Effect of Coating Thickness and Polyethylene Glycol’s Molecular Weight on Diltiazem Hydrochloride Release from Controlled Porosity Osmotic Pump Tablets

Abstract

The purpose of this research was to design CPOP tablets to achieve controlled delivery of diltiazem hydrochloride (DH) up to 12 hours, which is a water-soluble calcium channel blocker with a short biological half-life. Two batches of osmotic tablet cores were prepared, containing DH with mannitol as an osmotic agent (1: 1.5 ratio). The tablet cores formulation with 10 mm diameter achieved the required technical and mechanical specifications. Direct compression technique was used to prepare the tablet cores which were evaluated in terms of mechanical resistance and uniformity of dosage units, followed by spray film coating using cellulose acetate as a former polymer of the semipermeable membrane and polyethylene glycol (PEG) as a pore forming agent. Several molecular weights of PEG (6000, 1500 and 400) were used and coating thickness levels were obtained. In vitro drug release, morphology of coating surface and the effect of pH change on release rate were investigated.
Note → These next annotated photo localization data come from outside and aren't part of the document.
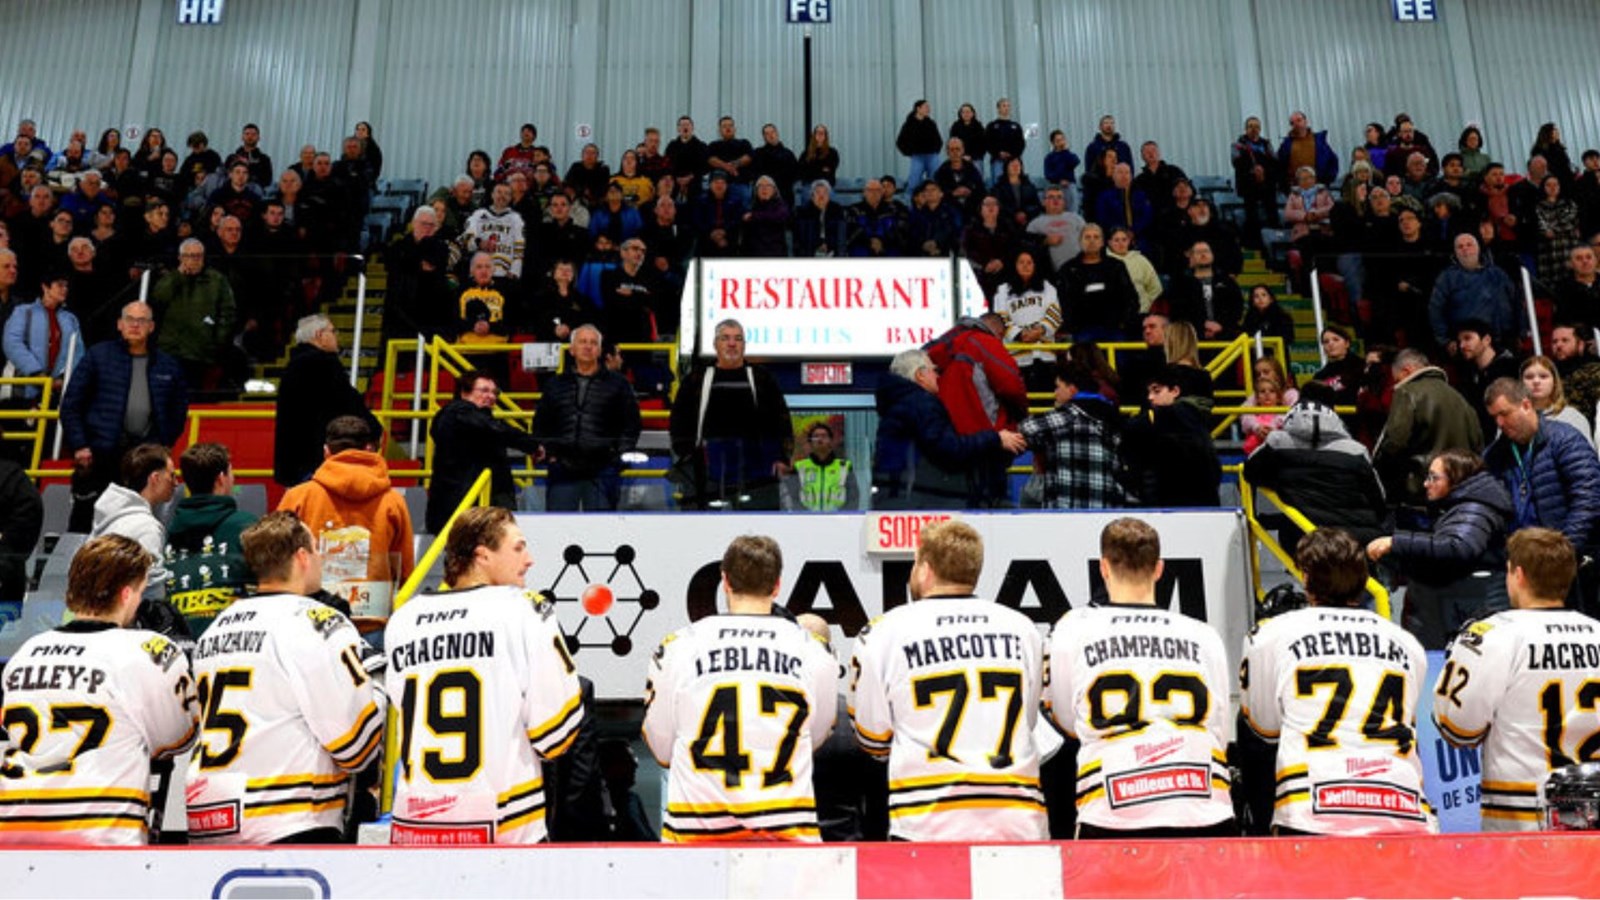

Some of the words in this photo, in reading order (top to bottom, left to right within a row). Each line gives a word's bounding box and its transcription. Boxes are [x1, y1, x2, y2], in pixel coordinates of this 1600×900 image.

[179, 0, 222, 23] HH
[790, 0, 828, 21] FG
[1398, 0, 1434, 20] EE
[720, 277, 935, 309] RESTAURANT
[886, 326, 934, 344] BAR
[879, 514, 952, 548] SOR
[392, 630, 495, 673] CHAGNON
[1084, 635, 1201, 668] CHAMPAGNE
[1288, 631, 1410, 671] TREMBLA
[1528, 643, 1600, 670] LACRO
[1436, 660, 1470, 709] 12
[400, 666, 483, 784] 19
[911, 667, 1023, 768] 77
[1294, 664, 1416, 757] 74
[690, 682, 809, 790] 47
[1443, 788, 1462, 810] DE
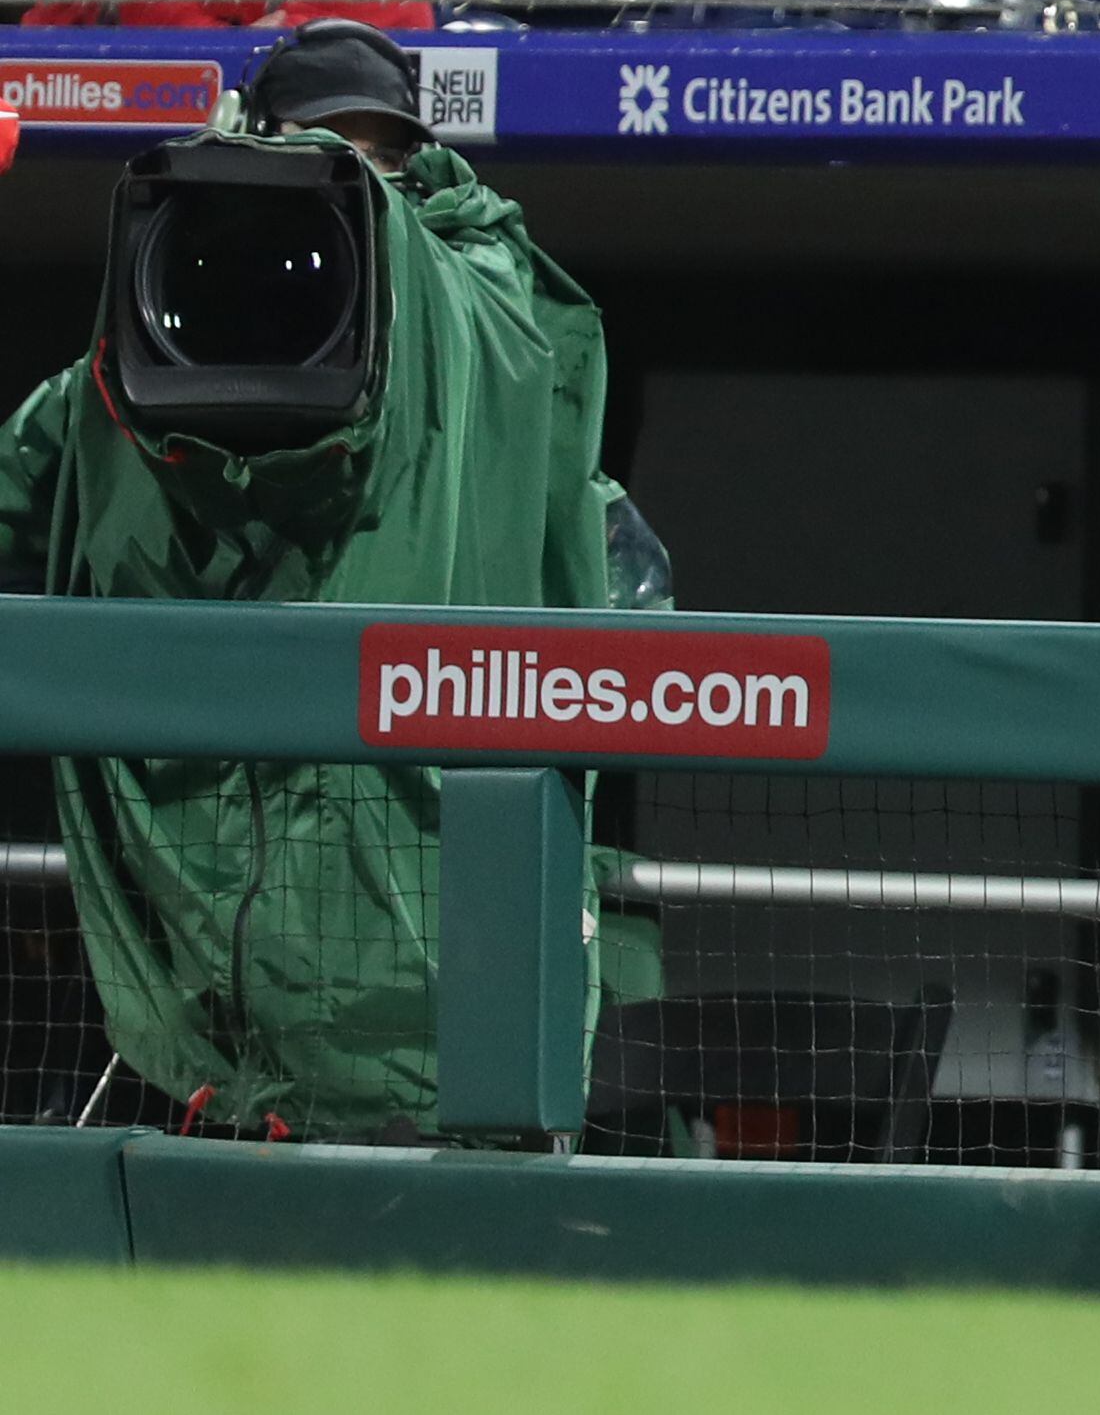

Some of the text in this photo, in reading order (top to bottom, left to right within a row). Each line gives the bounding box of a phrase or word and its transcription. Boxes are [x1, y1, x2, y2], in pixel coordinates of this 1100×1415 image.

Most of the prepared formulations demonstrated a burst release at the initial stage, which could be controlled by increasing the coating thickness. Formulations with PEG400 as a pore former presented better controlled and less burst release than those containing PEG6000, PEG1500, or a mixture of PEG6000: PEG400 (1: 1), and the pH change did not affect the drug release except in the initial stage.